Saved entries
# # # #

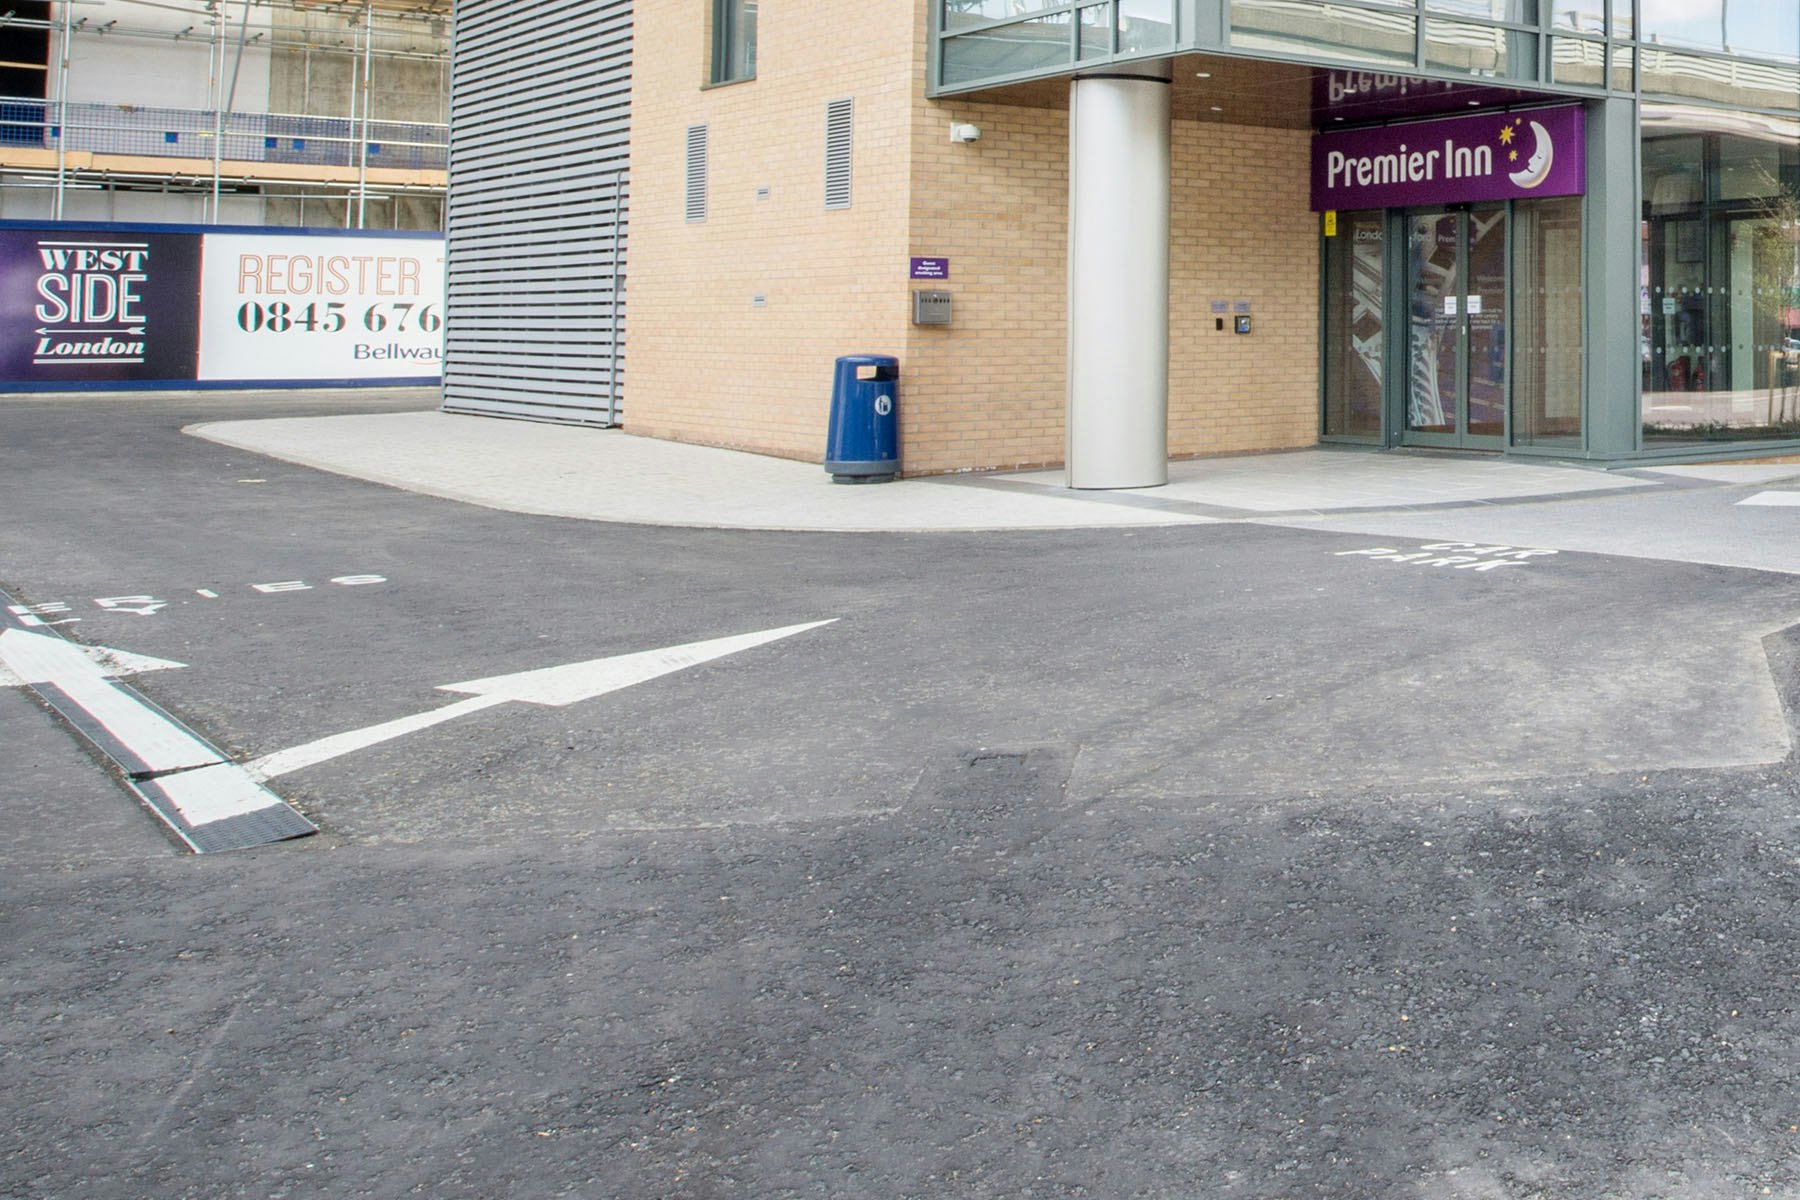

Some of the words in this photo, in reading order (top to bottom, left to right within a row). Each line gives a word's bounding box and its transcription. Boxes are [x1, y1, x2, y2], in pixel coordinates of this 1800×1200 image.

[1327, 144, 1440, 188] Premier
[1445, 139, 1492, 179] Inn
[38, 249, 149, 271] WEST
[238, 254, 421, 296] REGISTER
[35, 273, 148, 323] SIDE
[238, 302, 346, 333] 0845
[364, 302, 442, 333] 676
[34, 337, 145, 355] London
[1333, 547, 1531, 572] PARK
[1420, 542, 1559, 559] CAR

# # # #

◆ **PROBLEM DESCRIPTION**: Output the lines above in full and exactly. Leave out every picture.

◆ **WRITTEN RESPONSE**:
Some of the words in this photo, in reading order (top to bottom, left to right within a row). Each line gives a word's bounding box and its transcription. Boxes are [x1, y1, x2, y2], in pixel coordinates of this 1800×1200 image.

[1327, 144, 1440, 188] Premier
[1445, 139, 1492, 179] Inn
[38, 249, 149, 271] WEST
[238, 254, 421, 296] REGISTER
[35, 273, 148, 323] SIDE
[238, 302, 346, 333] 0845
[364, 302, 442, 333] 676
[34, 337, 145, 355] London
[1333, 547, 1531, 572] PARK
[1420, 542, 1559, 559] CAR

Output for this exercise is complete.